WORK ORDER | The whole listing, pictures aside, should be reproduced exactly.

MATERIAL SHOWN |
------------------------------------

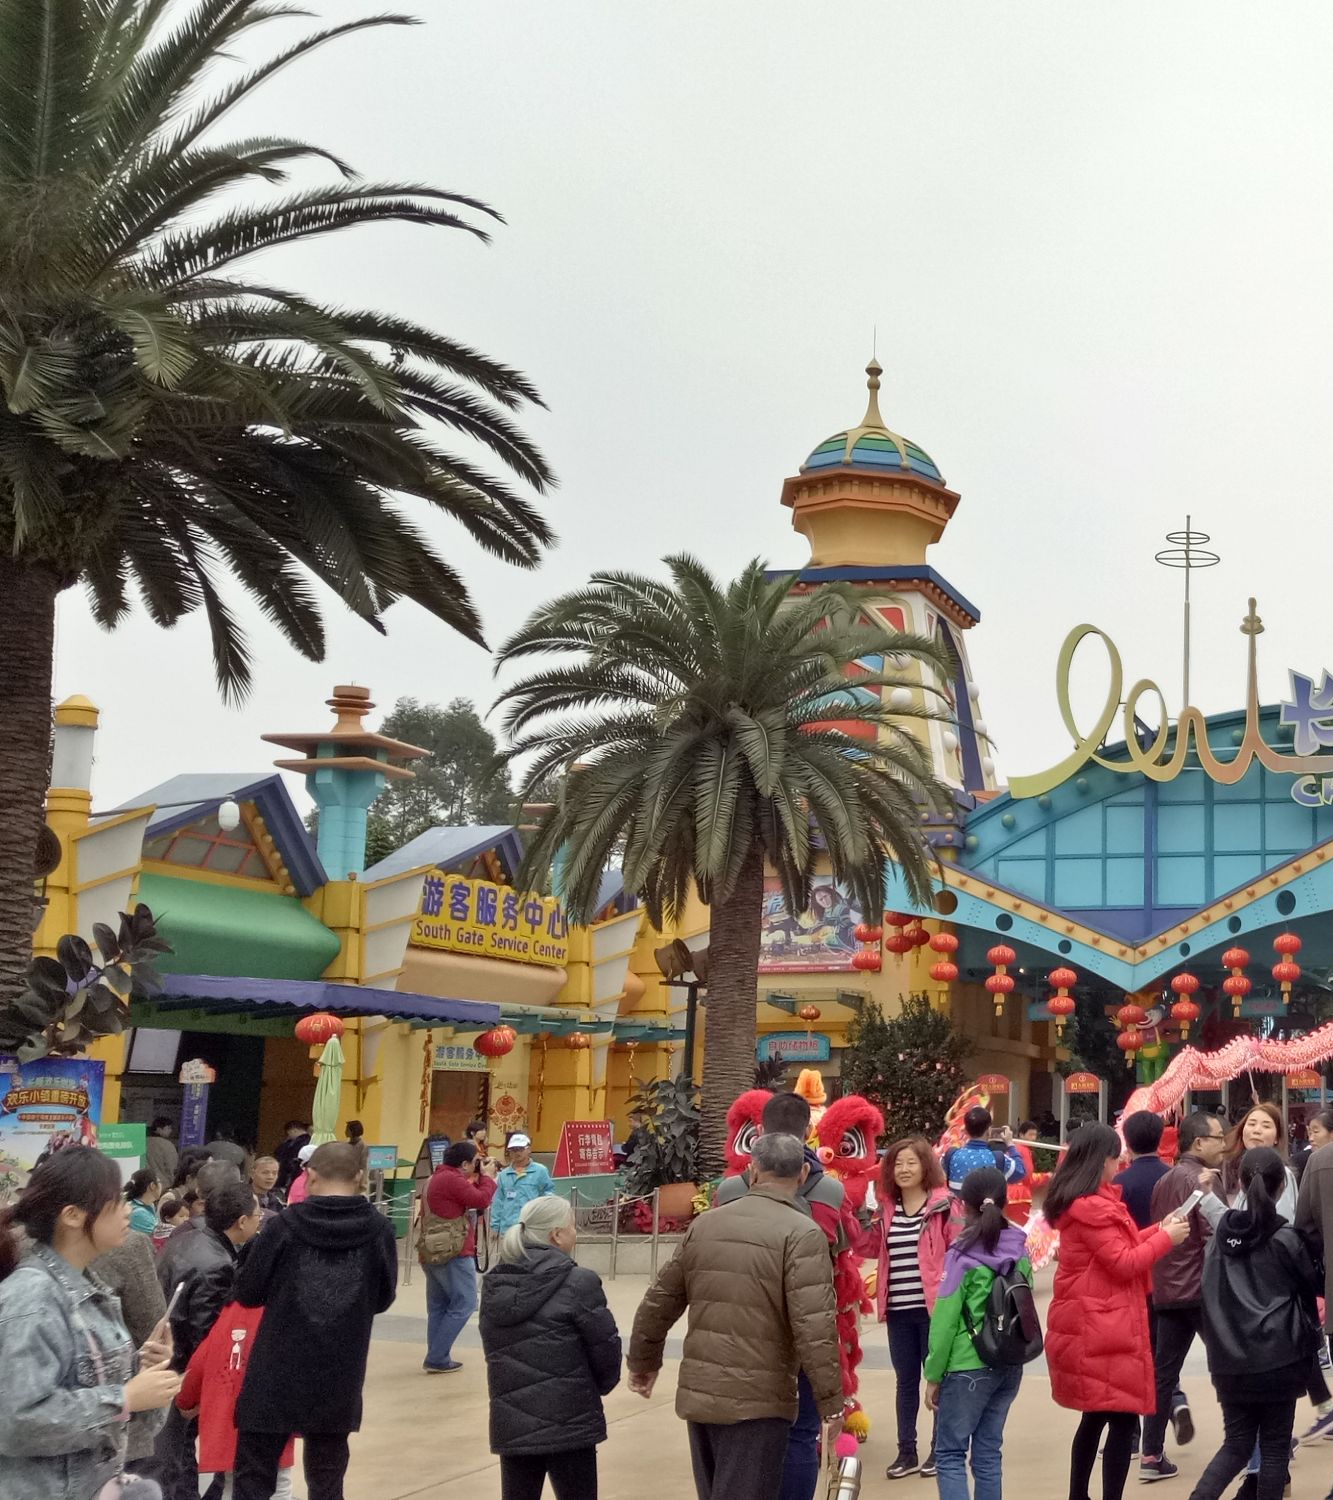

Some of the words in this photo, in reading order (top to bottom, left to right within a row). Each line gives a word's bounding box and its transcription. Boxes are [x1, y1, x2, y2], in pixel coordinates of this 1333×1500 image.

[421, 874, 569, 940] 游客服务中心
[416, 919, 451, 942] South
[456, 926, 484, 947] Gate
[490, 932, 529, 954] Service
[533, 939, 567, 960] Center
[435, 1045, 488, 1060] 游客服务中
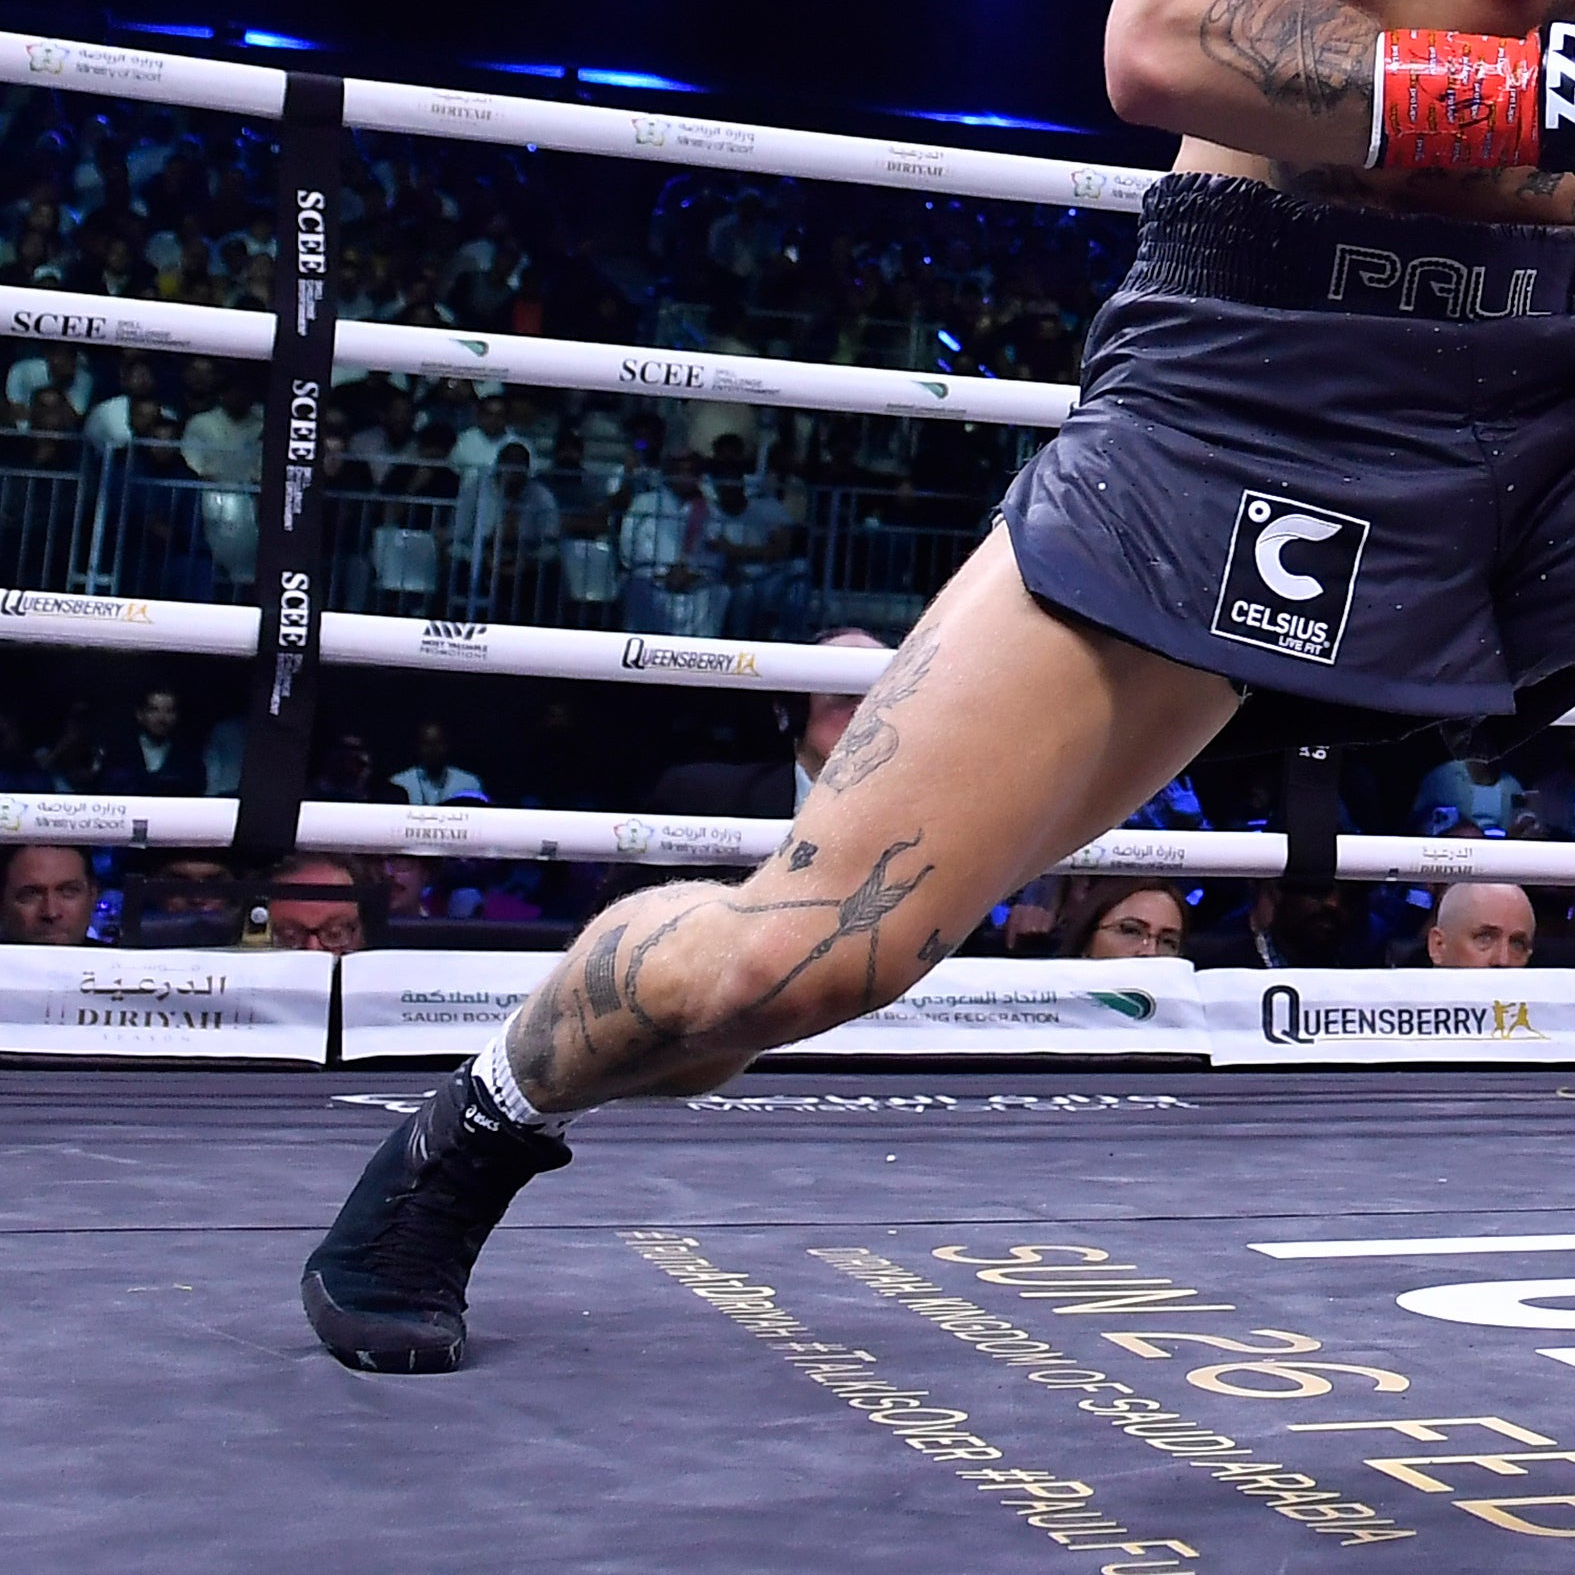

------------------------------------

ANSWER TO THE EXERCISE |
Some of the words in this photo, in reading order (top to bottom, left to right within a row). Each line gives a word's bounding box and its transcription. Boxes are [x1, y1, x2, y2], in pixel coordinates of this 1333×1500 image.

[421, 874, 569, 940] 游客服务中心
[416, 919, 451, 942] South
[456, 926, 484, 947] Gate
[490, 932, 529, 954] Service
[533, 939, 567, 960] Center
[435, 1045, 488, 1060] 游客服务中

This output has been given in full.